- **Exercise requirements**
Restate all entries exactly.

- **Provided information**
=======

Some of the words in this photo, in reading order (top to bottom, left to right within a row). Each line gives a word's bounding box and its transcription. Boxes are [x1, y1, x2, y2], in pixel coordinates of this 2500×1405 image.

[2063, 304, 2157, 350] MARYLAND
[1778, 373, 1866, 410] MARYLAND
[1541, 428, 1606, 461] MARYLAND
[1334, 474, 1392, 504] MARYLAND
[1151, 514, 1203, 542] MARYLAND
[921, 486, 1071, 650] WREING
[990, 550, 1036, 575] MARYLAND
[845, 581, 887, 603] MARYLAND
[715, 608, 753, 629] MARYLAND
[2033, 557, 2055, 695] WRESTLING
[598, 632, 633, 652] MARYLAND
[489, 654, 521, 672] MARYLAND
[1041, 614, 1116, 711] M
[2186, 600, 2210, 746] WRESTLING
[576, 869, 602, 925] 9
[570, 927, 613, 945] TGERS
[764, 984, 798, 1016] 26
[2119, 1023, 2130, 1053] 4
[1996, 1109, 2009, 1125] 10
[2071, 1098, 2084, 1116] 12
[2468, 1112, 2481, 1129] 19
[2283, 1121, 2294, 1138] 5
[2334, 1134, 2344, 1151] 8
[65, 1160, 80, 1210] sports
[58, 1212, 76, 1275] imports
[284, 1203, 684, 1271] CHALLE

=======

- **Response**
Some of the words in this photo, in reading order (top to bottom, left to right within a row). Each line gives a word's bounding box and its transcription. Boxes are [x1, y1, x2, y2], in pixel coordinates of this 2500×1405 image.

[2063, 304, 2157, 350] MARYLAND
[1778, 373, 1866, 410] MARYLAND
[1541, 428, 1606, 461] MARYLAND
[1334, 474, 1392, 504] MARYLAND
[1151, 514, 1203, 542] MARYLAND
[921, 486, 1071, 650] WREING
[990, 550, 1036, 575] MARYLAND
[845, 581, 887, 603] MARYLAND
[715, 608, 753, 629] MARYLAND
[2033, 557, 2055, 695] WRESTLING
[598, 632, 633, 652] MARYLAND
[489, 654, 521, 672] MARYLAND
[1041, 614, 1116, 711] M
[2186, 600, 2210, 746] WRESTLING
[576, 869, 602, 925] 9
[570, 927, 613, 945] TGERS
[764, 984, 798, 1016] 26
[2119, 1023, 2130, 1053] 4
[1996, 1109, 2009, 1125] 10
[2071, 1098, 2084, 1116] 12
[2468, 1112, 2481, 1129] 19
[2283, 1121, 2294, 1138] 5
[2334, 1134, 2344, 1151] 8
[65, 1160, 80, 1210] sports
[58, 1212, 76, 1275] imports
[284, 1203, 684, 1271] CHALLE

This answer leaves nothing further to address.